16 2. Bei der Berufsgenossenschaft handelt es sich um eine öffentliche Stelle im Sinne von § 474 Abs. 2 S. 1 Nr. 1 StPO. Der Begriff der öffentlichen Stelle umfasst alle hoheitlich tätigen Stellen, die nicht Justizbehörden im Sinne von § 474 Abs. 1 StPO sind (vgl. Tillich in: Löwe-Rosenberg, StPO, 27. Auflage 2024, § 474 StPO Rn. 8). Dazu zählen auch juristische Personen des öffentlichen Rechts und demzufolge auch die Berufsgenossenschaft als Trägerin der gesetzlichen Unfallversicherung (vgl. OLG Hamm, Beschluss vom 21. April 2016 – III-1 VAs 100/15 –, juris).
17 3. Die von der Berufsgenossenschaft geltend gemachten möglichen Regressansprüche werden vom Anwendungsbereich des § 474 Abs. 2 StPO erfasst. Sie fallen unter den Begriff der Durchsetzung von Rechtsansprüchen im Zusammenhang mit der Straftat nach § 474 Abs. 2 S.1 Nr. 1 StPO (vgl. Senat, Beschluss vom 29. Januar 2024 – 203 VAs 532/23 –, juris Rn. 17 m.w.N.; Gieg in KK-StPO, 9. Aufl., § 474 Rn. 4a).

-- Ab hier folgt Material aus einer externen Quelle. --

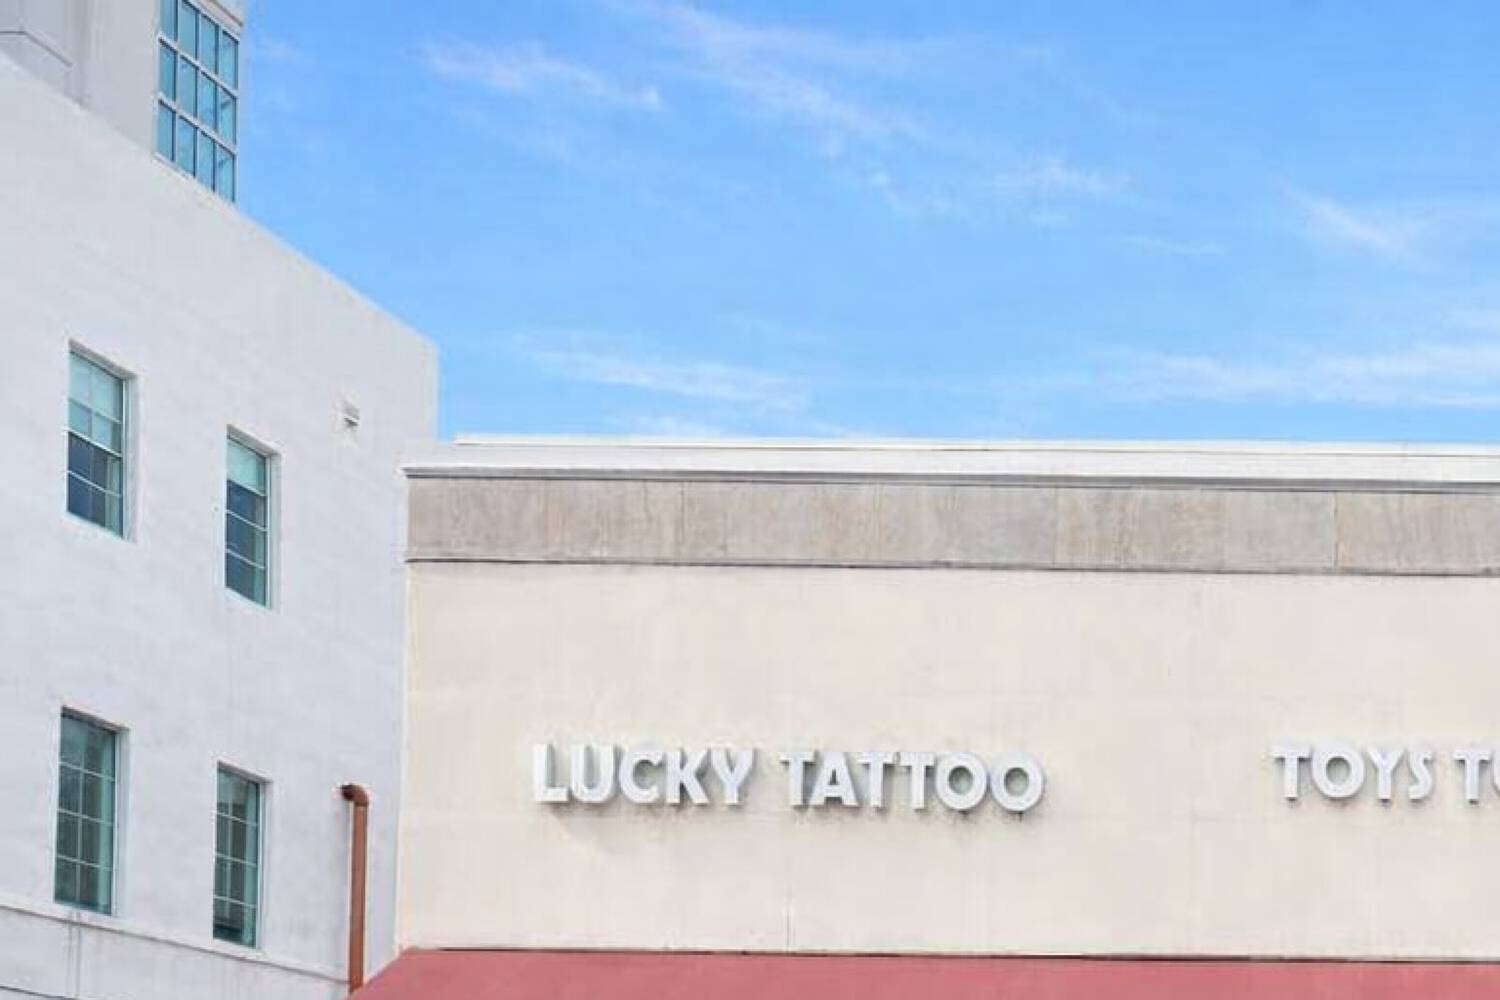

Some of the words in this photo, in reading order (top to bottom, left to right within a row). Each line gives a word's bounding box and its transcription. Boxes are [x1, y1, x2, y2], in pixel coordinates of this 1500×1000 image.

[532, 743, 756, 806] LUCKY
[780, 750, 1046, 812] TATTOO
[1273, 744, 1433, 803] TOYS

18 4. Die Geltendmachung von Regressforderungen, der das Gesuch dienen soll, liegt auch im Rahmen der Aufgaben der Empfängerin. Die eigenständige Prüfung und das Geltendmachen von derartigen Ansprüchen gegen die Schädiger nach dem Eintritt eines Arbeitsunfalls im Sinne von § 8 SGB VII von gesetzlich Versicherten fällt nach § 199 Abs. 1 S. 2 Nr. 4 SGB VII i.V.m. § 110 Abs. 1 SGB VII und § 116 Abs. 1 SGB X in den originären Aufgabenbereich der Antragstellerin.
19 5. Entgegen der Auffassung der Staatsanwaltschaft und der Verteidigung ist nach dem schlüssigen Vortrag der Antragstellerin die Kenntnis der Informationen der Ermittlungsbehörden zum verfahrensgegenständlichen Unfallgeschehen zur Aufgabenerfüllung erforderlich. Die Erhebung von Sozialdaten ist nach § 67a Abs. 1, Abs. 2 S. 3 Nr. 2 lit. b lit. aa SGB X, § 35 SGB I zulässig. Der Anspruch auf Akteneinsicht ist nicht nach § 479 Abs. 4 S. 2 und 3 StPO ausgeschlossen. Die Staatsanwaltschaft I. durfte das Ersuchen insbesondere nicht aufgrund einer eigenen summarischen Prüfung der Erfolgsaussichten möglicher Regressansprüche der Antragstellerin nach § 110 Abs. 1 SGB VII unter Verweis auf eine Verjährung ablehnen.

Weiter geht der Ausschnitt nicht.